Westfield, Southwick to continue online learning as Baker orders K-12 schools to remain closed

GREATER WESTFIELD – Following Gov. Charlie Baker’s announcement April 21 that grade K-12 schools would remain closed through the end of the current school year, superintendents in both Westfield and Southwick Regional schools said remote learning would continue.

Within minutes of the Tuesday afternoon press conference, Southwick-Tolland-Granville Regional School District Superintendent Jennifer Willard called and emailed families with the news.

“Today we received confirmation from Governor Baker’s office that schools will remain closed for the remainder of the 2019- 2020 school year,” she told district families. “For the Southwick-Tolland-Granville Regional School District, it means we will remain in remote learning mode for the remainder of the school year.”

Willard took the opportunity to thank everyone working in new ways during the coronavirus pandemic.

“I want to take a moment to say ‘Thank you.’ Thank you for all you are doing to keep our community safe. Thank you for providing structure in your homes for continued learning. Thank you for supporting our teachers as they work from home to provide engaging and relevant learning opportunities for our students. Thank you for those of you who are working during the COVID- 19 pandemic to keep us safe and fed. Finally, thank you for your continued patience and understanding as we navigate this unprecedented time in history,” Willard said.

Westfield Public Schools Superintendent Stefan Czaparowski said following Baker’s press conference that he was disappointed, but it was a good decision.

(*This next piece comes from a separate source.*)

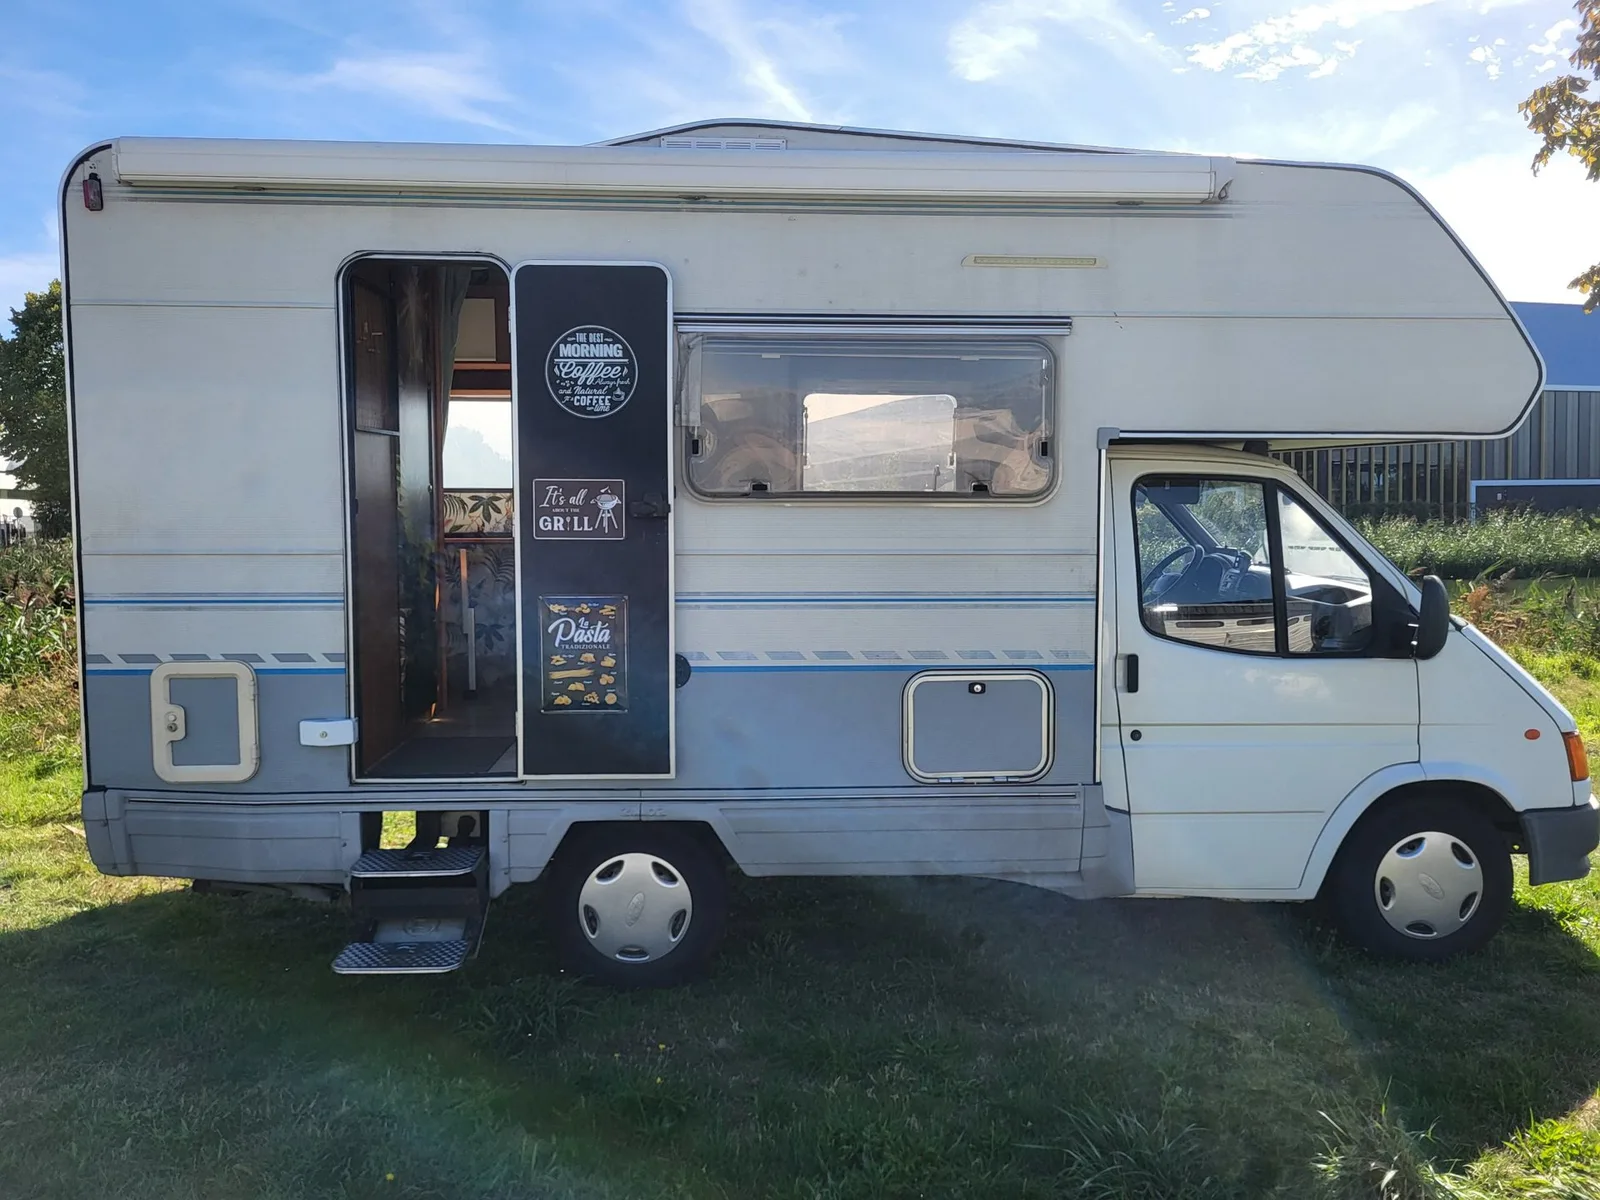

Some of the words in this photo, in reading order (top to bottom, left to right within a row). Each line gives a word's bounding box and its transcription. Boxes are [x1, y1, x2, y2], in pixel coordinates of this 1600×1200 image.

“I was hopeful,” he said, “but the fact that we are still in the surge and based on those numbers . . . it’s the right decision.”

Czaparowski said he doesn’t like to think in terms of school being closed, because just the buildings are closed.

“Westfield is going to continue remote learning for the remainder of the school year,” he said. “Students are online learning, project-based learning, hands-on learning –- we are getting packets out next week for grade level work and we have a few families that still do not have access to the internet and we are working to resolve that problem.”

The state is also offering support for teachers and will issue what Czaparowski called Power Standards, which outlines what students need to advance to the next grade.

Czaparowski said special education will be affected and he and Westfield Public Schools Administrator of Special Education Martha H. von Mering are working on meeting the needs of students with Individualized Education Plans.

Baker said Tuesday that that COVID-19 is “an insidious and at times invisible virus” and keeping schools closed was not an easy decision.

“It’s the right thing to do considering the facts on the ground associated with the COVID-19 pandemic. At this point in time, there is no authoritative guidance or advisory with respect to how to operate schools safely and how to get students to and from schools safely,” Baker said. “We believe students therefore cannot safely return to school and avoid the risk of transmitting the virus to others.”